Premature babies (before 37 weeks of gestation) sometimes have lactose intolerance. Lactose intolerance in Caucasians often affects children older than 5 years.
Acquired lactase deficiency (primary lactase deficiency) is the most common form of lactose intolerance. The prevalence (disease frequency) is 7-22% (in Germany). Lactase activity decreases continuously with increasing age. The causes of this are still largely unknown. It is suspected that age-related changes in the intestinal mucosa surface (surface of the intestinal mucosa) impair the activity of lactase. Furthermore, damage to the mucosa of the small intestine (small intestinal mucosa) by viral infections is discussed.

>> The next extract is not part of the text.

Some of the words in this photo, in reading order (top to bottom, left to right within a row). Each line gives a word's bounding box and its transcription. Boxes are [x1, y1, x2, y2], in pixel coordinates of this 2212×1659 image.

Secondary lactase deficiency can be the consequence of a primary intestinal disease. Lactose intolerance often occurs in celiac disease (gluten-induced enteropathy). With complete abstinence from the specific food components, the primary disease heals and the secondary deficiency regresses. Lactase deficiency also develops in many cases after gastric resection (partial stomach removal) due to the non-physiological burden on the small intestine (dysbiosis).

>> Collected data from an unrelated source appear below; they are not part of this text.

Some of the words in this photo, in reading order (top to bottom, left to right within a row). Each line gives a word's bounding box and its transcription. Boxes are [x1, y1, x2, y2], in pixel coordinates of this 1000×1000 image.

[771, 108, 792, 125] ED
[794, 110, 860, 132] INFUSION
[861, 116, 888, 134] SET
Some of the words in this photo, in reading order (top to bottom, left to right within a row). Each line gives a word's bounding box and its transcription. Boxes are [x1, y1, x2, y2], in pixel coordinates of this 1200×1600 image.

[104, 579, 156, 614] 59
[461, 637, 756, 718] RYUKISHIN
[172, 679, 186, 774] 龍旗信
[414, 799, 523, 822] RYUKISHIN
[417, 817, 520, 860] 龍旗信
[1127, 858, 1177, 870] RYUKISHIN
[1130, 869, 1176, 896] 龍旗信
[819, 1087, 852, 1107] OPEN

Course and prognosis: Lactose tolerance varies from person to person and depends on the individual lactase test activity. The minimum tolerated amount of lactose must therefore be determined on an individual basis. In many cases, lactose intolerance cannot be cured, so those affected have to follow a low-lactose or lactose-free diet for the rest of their lives. It is important to ensure adequate calcium intake so that the risk of osteoporosis (bone loss) is not increased by avoiding or restricting the consumption of milk and dairy products. In the case of secondary lactose intolerance, serious complications are not to be expected. In this case, the focus is on treatment of the underlying disease.